Hnat of 230 Publicity doesn't think gas prices have significantly cut into the number of touring bands quite yet, but he does think those costs could mean cuts in the entire industry. "I'm sure gas prices effect postage and shipping rates, which put a hurting on smaller labels, print zines and distributors, so I'm guessing there are plenty of related price increases across the board that we don't really think about."
Fall, high season for touring, may be the first real test for how much fuel costs deter bands on the road, or those considering their first run. Megafaun's Cook sees a shift in how bands, and everyone else involved, view touring. "Well, it certainly is scary. I think promoters have to start raising tickets and door prices to help bands compensate," he says. "Touring will be more reflective of record sales. The top 1 percent will be making all the money all around. Everyone else is more or less screwed." Survival of the fittest seems to be the mantra. "It's something we've committed to," Kumar says. "Maybe it will reduce the glut of the too many bands out there."

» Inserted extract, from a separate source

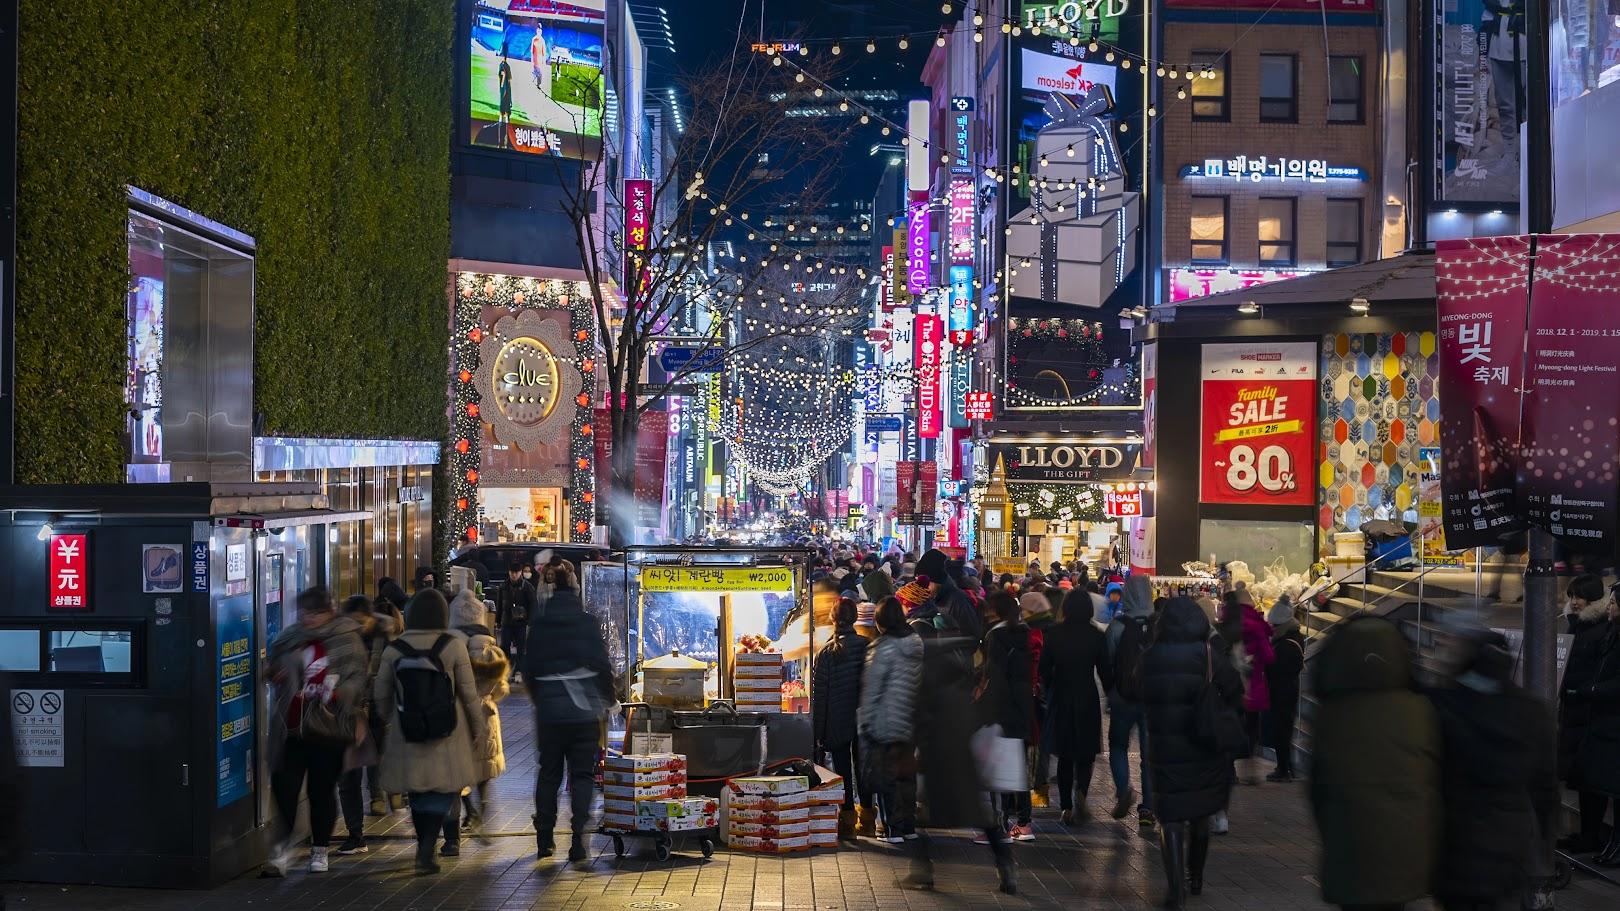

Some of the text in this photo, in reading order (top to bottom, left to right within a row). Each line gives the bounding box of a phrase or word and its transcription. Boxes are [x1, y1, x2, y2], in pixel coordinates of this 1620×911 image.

Taking to the road, with all its vibrant rock romance, is colored a bit more gasoline gray now. "Americans have always equated freedom with their vehicles," McGee says. "I'm definitely feeling less free these days." He also sees it as a cultural bump in the road. Musicians, after all, aren't inherently used to scrutinizing their every move. "It used to be real easy to go on tour," he says. "Now it takes all this planning and coordinating. Shit. I didn't end up in a rock and roll band because I'm a good planner."